そんな4点の朝に、ふと変なことを思いました。
「20代のころフリーターだった自分が、今では家族を養えるくらいになっている。それだけでも、すごいことじゃないか」
正直に言うと、私はこういうことをあまり思わない人間です。
以前も書きましたが、私は自分を褒めるのが苦手です。
楽しいことも、嬉しいことも、口にする前に「いや、こんなの大したことない」と一度打ち消してしまう。
感謝も、自己肯定も、うまくできない性格です。
だから、朝からこんな気持ちになったのは、自分でも意外でした。
と同時に、「もしかすると、今、かなり弱っているのかな」とも思いました。
28歳のころ
28歳のころの話を、少しだけさせてください。
当時の私は、定職に就いていませんでした。清掃やファストフードのアルバイトで食いつないでいました。
住んでいたのは、風呂なしのアパートです。
銭湯に通う生活でした。
銭湯に行けない日は、台所で頭を洗いました。
冬は銭湯に行く頻度を極端に減らしていました。(不衛生ですね💦)
将来のことは、考えないようにしていました。
不安なことはできるだけ考えず、先延ばししたかったからです。
「この先どうなるんだろう」という不安に蓋をして、その日をやり過ごしていました。
同世代の人たちがスーツを着て働いている姿を、違う世界の住人のように眺めていました。
このままではいけない。
そう思って焦りはあるのに、何をどうすればいいのか分かりません。
20代は、そんな毎日が続きました。
あの頃の自分に、
「お前は35歳で社労士の試験に受かって、スーツを着て事務職に就くよ。その後も何度も転職するけど、将来は家族を養いながら人事の仕事をしているよ」
と言っても、到底、信じなかったと思います。
でも、実際にそうなりました。
順調だったわけではありません。
35歳でようやく就いた事務の仕事も、そこから何度も転職を繰り返しました。
心を壊して働けなくなった時期もあります。
しばらく無職で過ごした時間もありました。
それでも、家賃滞納をしていた28歳から数十年経った今では、家族を養えるくらいにはなっています。
世間的には、当たり前のことなのかもしれません。
私自身も今では、この生活を当たり前のように感じていました。
でも、決して当たり前のことではない。
この日の朝、そう気づきました。
比べる相手を変えてみる
比べる相手を「他人」にすると、私はいつも落ち込みます。
上を見れば、きりがないからです。
「あの人はすごい。

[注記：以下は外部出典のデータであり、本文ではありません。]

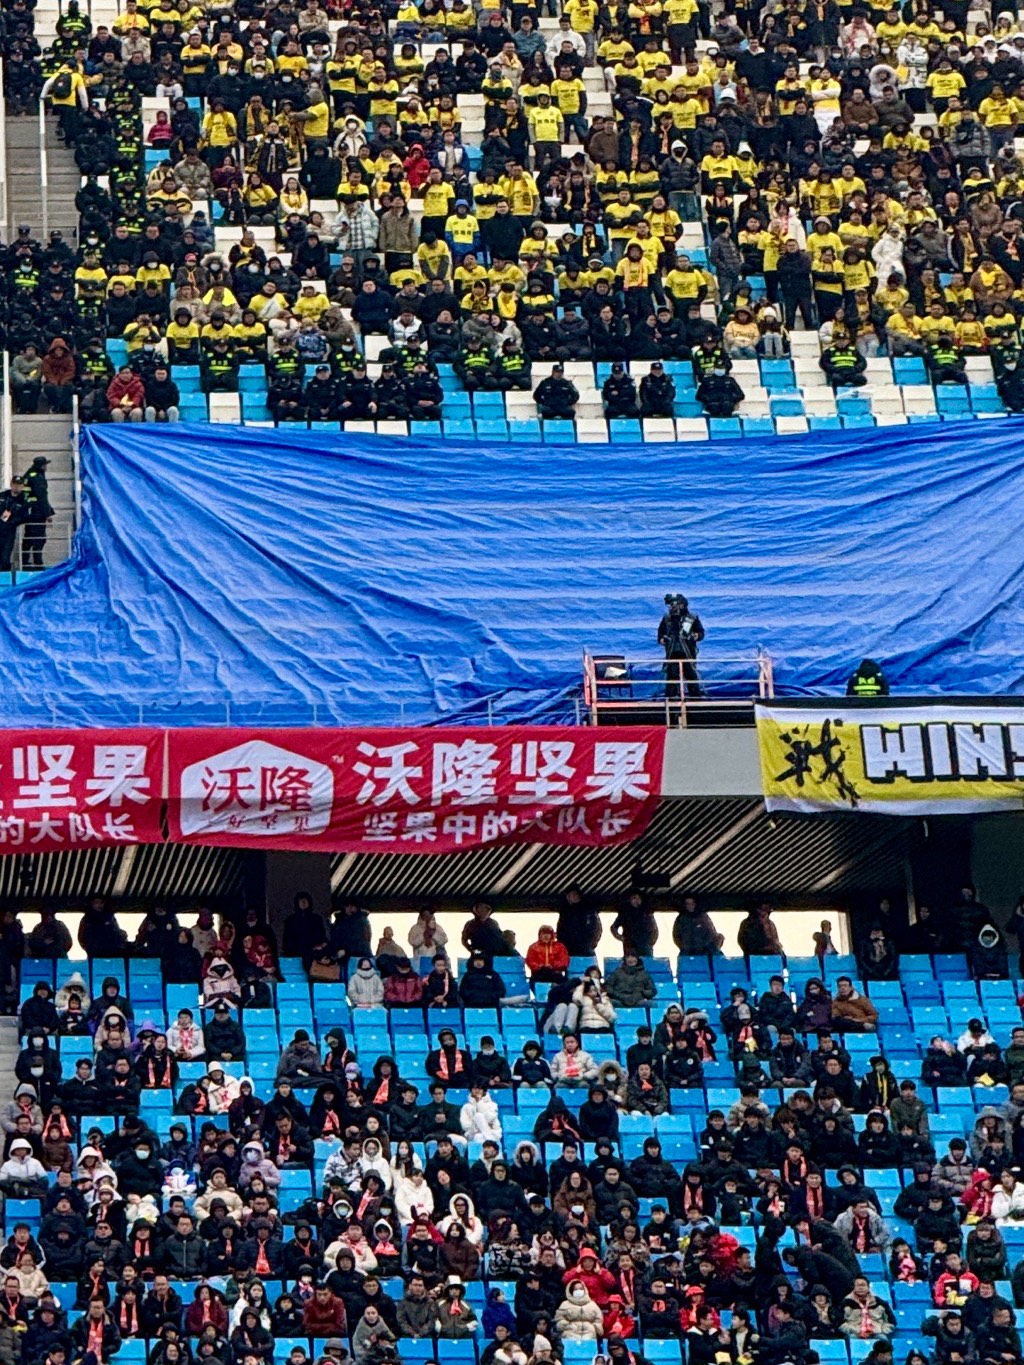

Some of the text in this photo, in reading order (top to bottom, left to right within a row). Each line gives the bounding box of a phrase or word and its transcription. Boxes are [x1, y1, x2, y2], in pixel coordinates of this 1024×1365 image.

[201, 765, 314, 814] 沃隆
[352, 739, 651, 806] 沃隆坚果
[362, 807, 633, 844] 坚果中的大队长

それに比べて自分は……」
そうやって、すぐに自分の足りないところを探し始めます。
この採点グセは、もう習慣です。
でも、比べる相手を「28歳の自分」にすると、話は変わります。
風呂なしアパートで、この先が何も見えなかったあの自分。
その自分と比べれば、ものすごく遠回りでも、ちゃんと前に進んでいます。
自分を責めがちな人ほど、比べる相手を間違えているのかもしれません。
いつも他人と、それも、自分より上の誰かとばかり比べて、勝手に落ち込んでいるのです。
とはいえ……
こうして自分を褒められたと思えたのは、ほんの一瞬でした。
そのあとすぐ、別の減点部分を考えて、憂鬱な気分に戻っていました。
気分は、やっぱり4点のままです。
性格は、そう簡単には変わりません。
自分を褒めたそばから、また自分を採点し始める。
この性格は、たぶんこの先も直らないのでしょう。
それでも、朝に一瞬でも「頑張ってるな」と思えたのなら、その日はもう、それで十分なのかもしれません。
無理に上を向く必要も、無理に前を向く必要もありません。
気分は4点でも、点数には現れない心の動きがあった朝でした。